Since only the words are wanted, reproduce every entry exactly and leave the images behind.

┌──

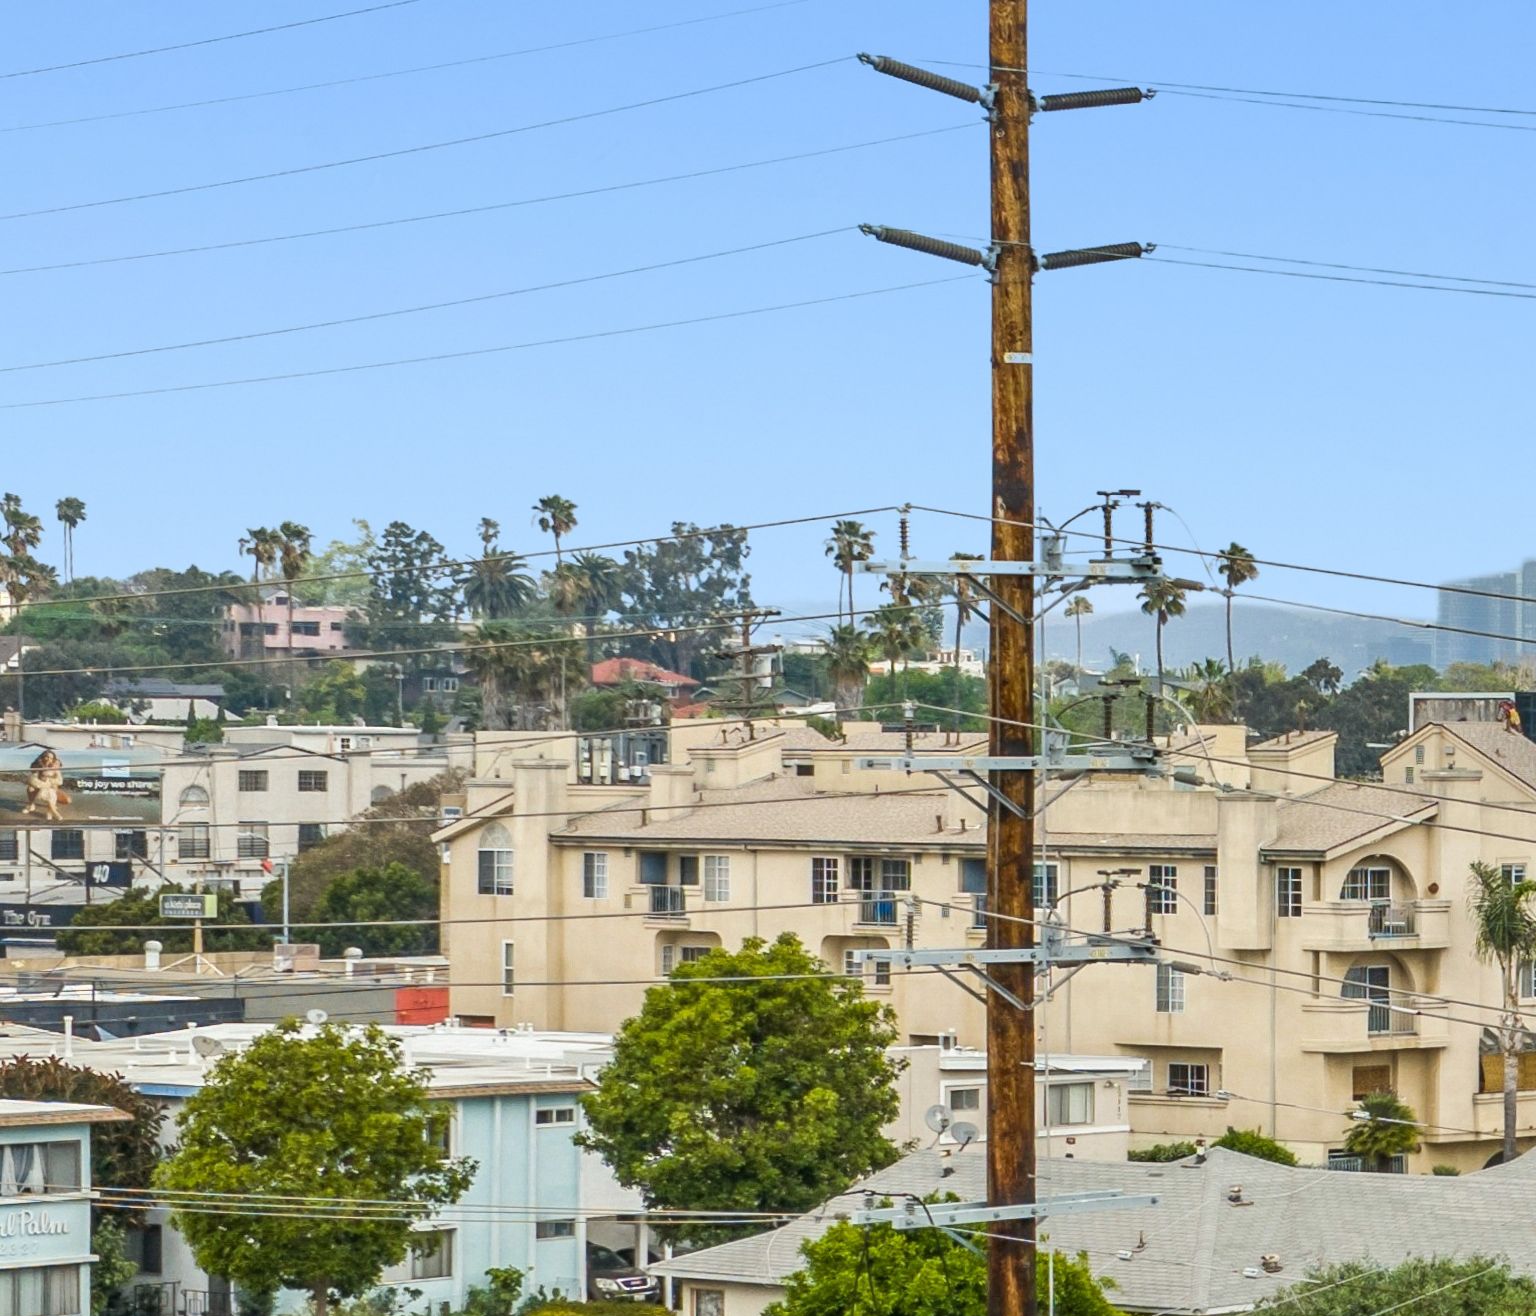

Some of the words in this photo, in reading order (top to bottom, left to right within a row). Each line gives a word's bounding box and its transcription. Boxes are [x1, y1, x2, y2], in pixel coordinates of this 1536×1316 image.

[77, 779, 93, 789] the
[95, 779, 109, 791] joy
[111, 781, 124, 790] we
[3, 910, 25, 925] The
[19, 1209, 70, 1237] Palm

└──

Task output:
Some of the words in this photo, in reading order (top to bottom, left to right within a row). Each line gives a word's bounding box and its transcription. Boxes are [x1, y1, x2, y2], in pixel coordinates of this 1536×1316 image.

[77, 779, 93, 789] the
[95, 779, 109, 791] joy
[111, 781, 124, 790] we
[3, 910, 25, 925] The
[19, 1209, 70, 1237] Palm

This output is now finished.